La charla va y viene entre diversos temas. Cuando está por poner la segunda pava para el mate, expresa el que seguramente sea el sentido último de este trabajo: “Tenía que cerrar un ciclo de sanación en cuanto a Catalina. Pensar en lo siguiente, en lo que viene. Siempre va a estar Catalina y todo ese tema. Pero quiero dar vuelta la página. Es una entrega amorosa hacia ella, porque siento que me enseñó un montón. Porque yo podría haber muerto”. En una nota que publicó en octubre de 2016 en Clarín -”Llevé un bebé en la panza que no iba a poder vivir” se titulaba–, narró con detalles el infierno que vivió.
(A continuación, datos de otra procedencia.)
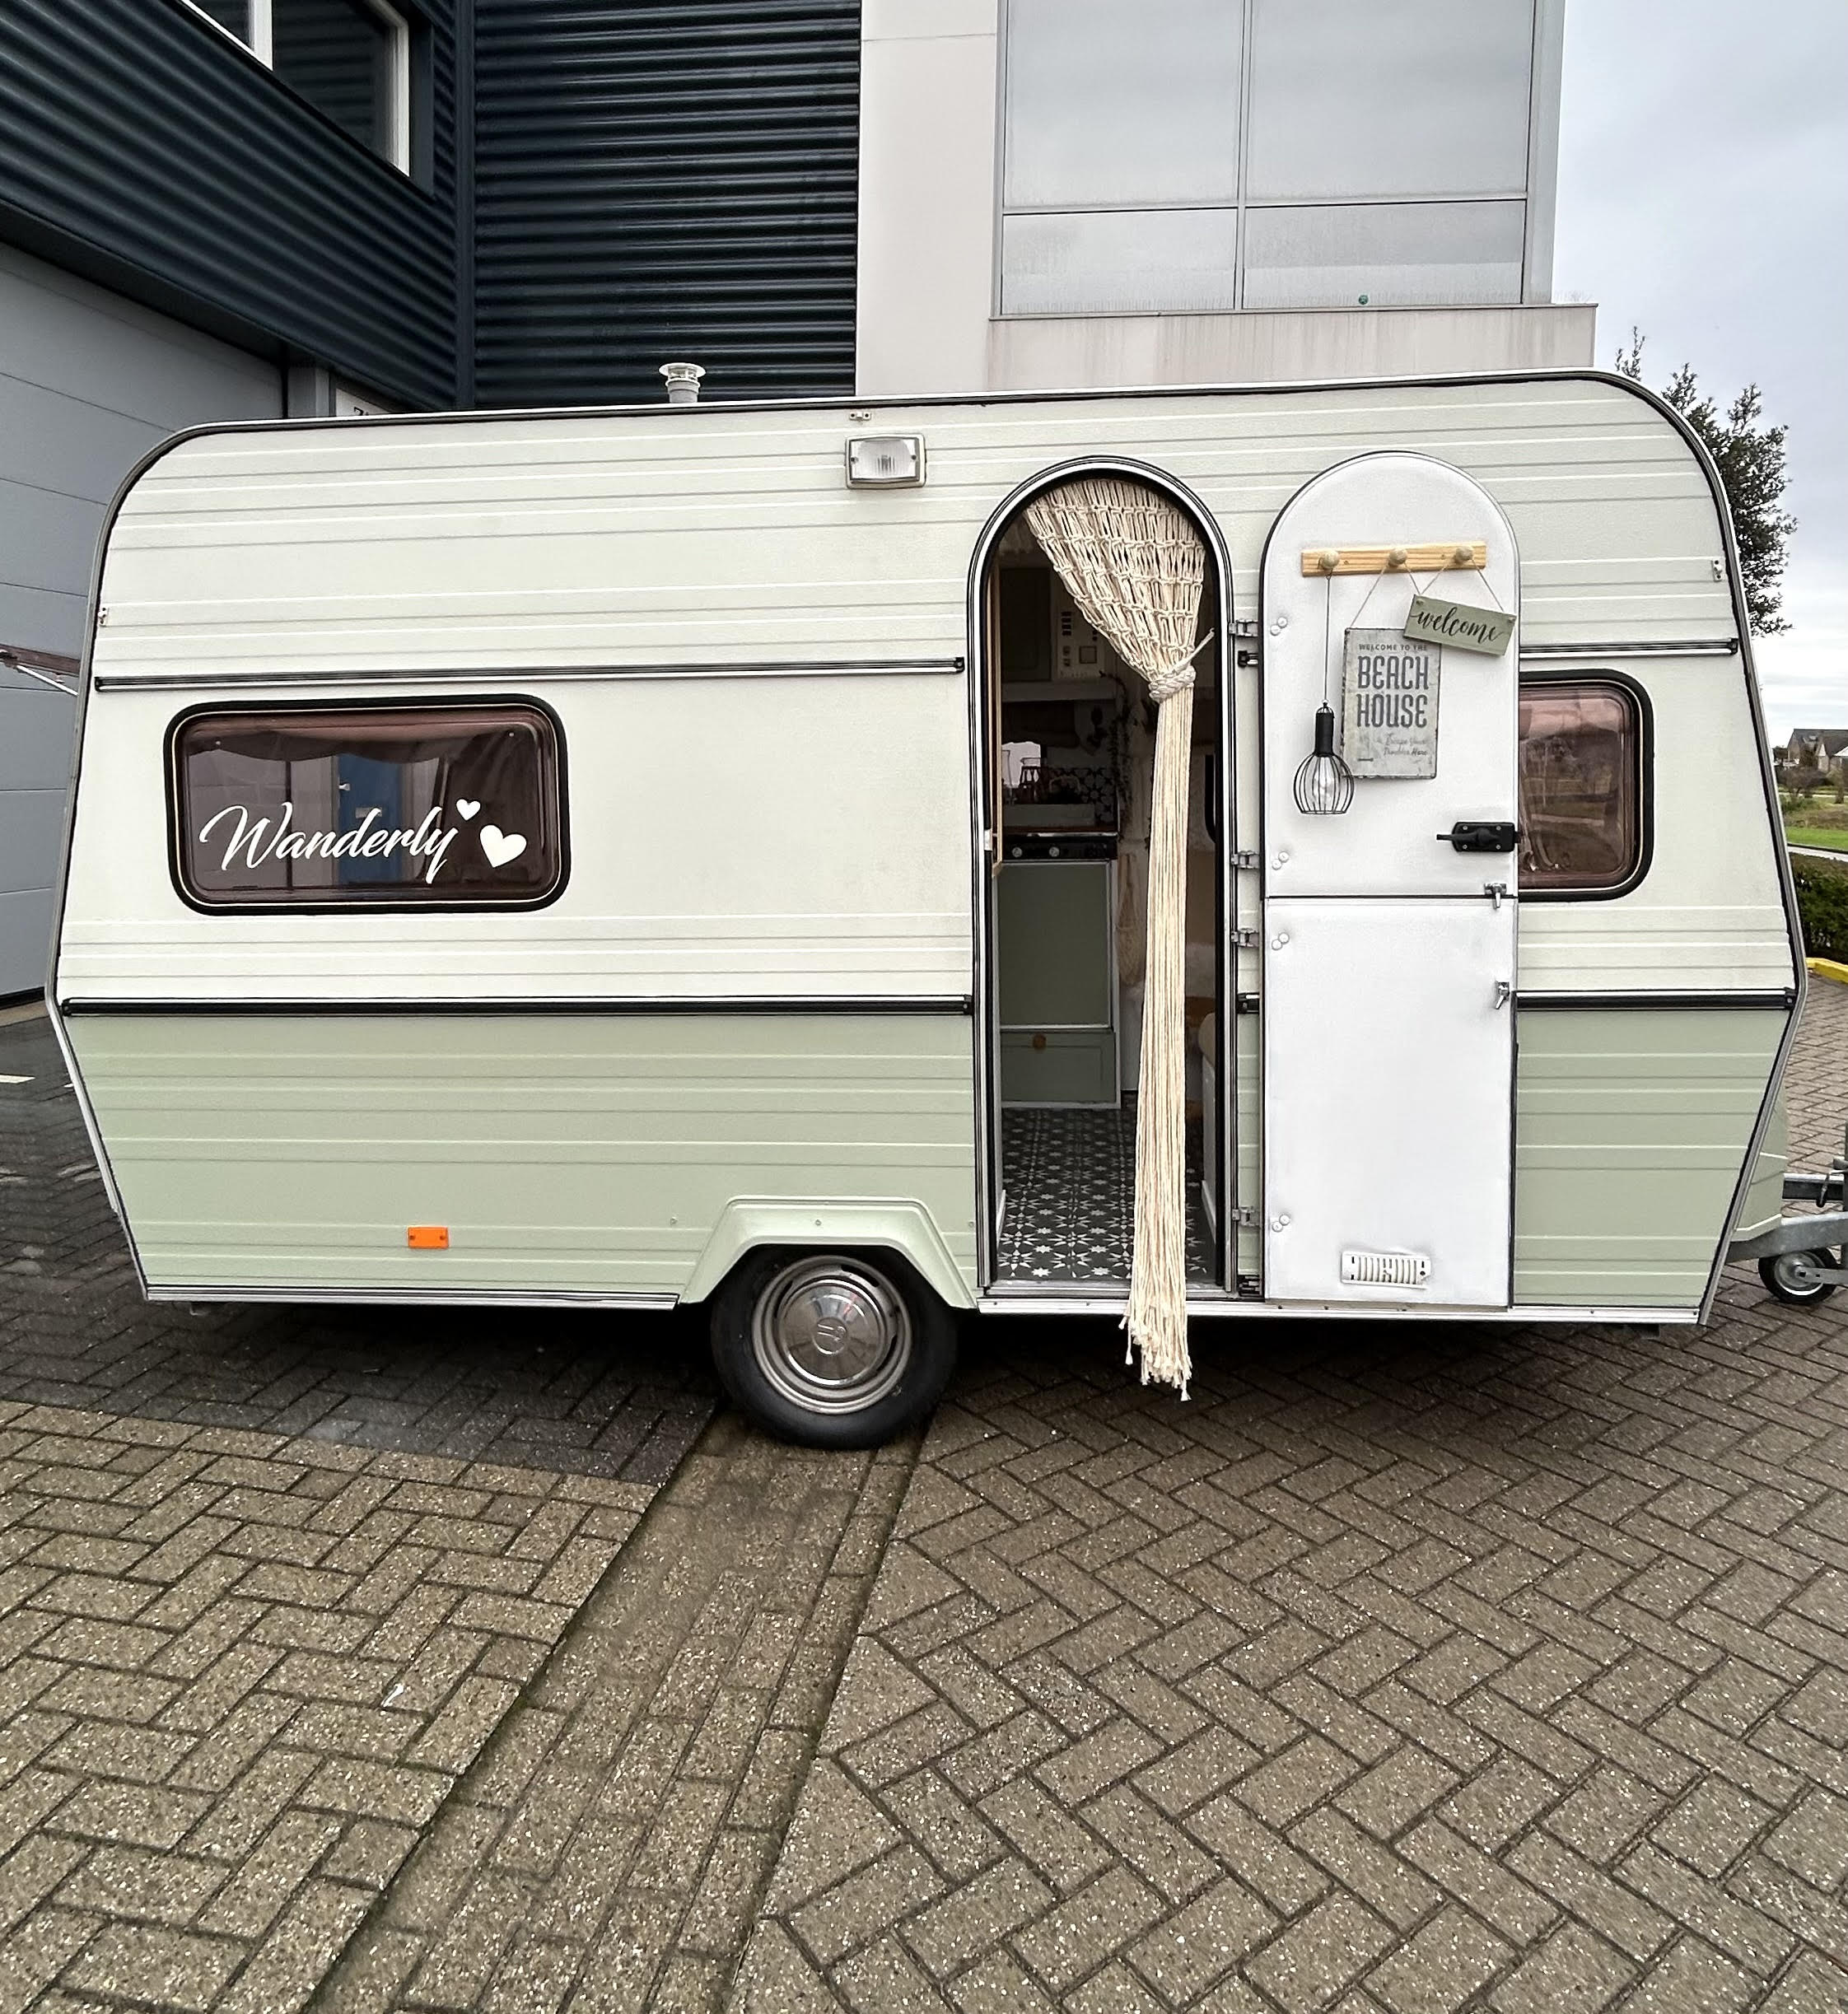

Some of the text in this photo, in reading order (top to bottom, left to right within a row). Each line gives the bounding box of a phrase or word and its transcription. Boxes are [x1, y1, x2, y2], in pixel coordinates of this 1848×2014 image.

[1410, 607, 1505, 644] welcome
[1358, 655, 1429, 689] BEACH
[1356, 694, 1428, 728] HOUSE
[198, 801, 459, 884] Wanderly
Entre otras cosas, padeció preeclampsia, una de las causas de mortalidad en mujeres embarazadas.
La increíble desidia de médicos que invocaban la voluntad “del de arriba”; el desgaste físico y emocional de alguien que tiene en la panza un bebé que, se sabe, morirá tarde o temprano; el deseo que de nuevo se escapa, luego de otros dos embarazos perdidos; la bronca de algo que podría haber sido de otro modo si fuera de otro modo el sistema de salud; el tabú de los bebés muertos en oposición a la maternidad feliz: de todo esto habla el artículo, muy valiente y muy leído. Allí está la información, mientras que en el libro, la catarsis sin datos. “Le agradezco un montón a Catalina el haberme enseñado, por esta situación tan extrema, un montón de cosas acerca de la vida. Me llevó a preguntarme qué vida quiero vivir. Si quedé viva, si soy la que está viva, tengo que honrar, de alguna manera, las cosas que todavía puedo hacer. No quiero consumir cosas, no tengo ropa, por ejemplo. No quiero estructurarme de la forma en que estaba estructurada antes”, sentencia la escritora.
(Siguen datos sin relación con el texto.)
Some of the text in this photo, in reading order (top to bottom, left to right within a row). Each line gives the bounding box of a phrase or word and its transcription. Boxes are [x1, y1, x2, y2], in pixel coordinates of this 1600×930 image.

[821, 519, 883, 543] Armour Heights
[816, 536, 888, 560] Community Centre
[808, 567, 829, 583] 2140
Desde 2005 escribe en el Suplemento No de este diario, fue programadora y curadora de ciclos de poesía y está a cargo de un taller de Literatura y Rock en La Nave de los Sueños. Publicó las plaquettes Fina ropa blanca (2013) y La fisiología del amor (2015). Su primer poemario, Full of love, data de 2011 y es radicalmente diferente al segundo. Aquellos eran los textos de una mujer cargada de erotismo, en cierto modo más salvaje, “liviana y joven, en constante búsqueda del amor”. “Yo era otra persona. Sufría por amor, por una mala elección de un chico. Ahora lo miro y me parece que está bien. Fue un momento de la vida. Pero ahora soy otra persona”, se define. Y esta otra persona comparte, ahora, su profundidad y un aprendizaje.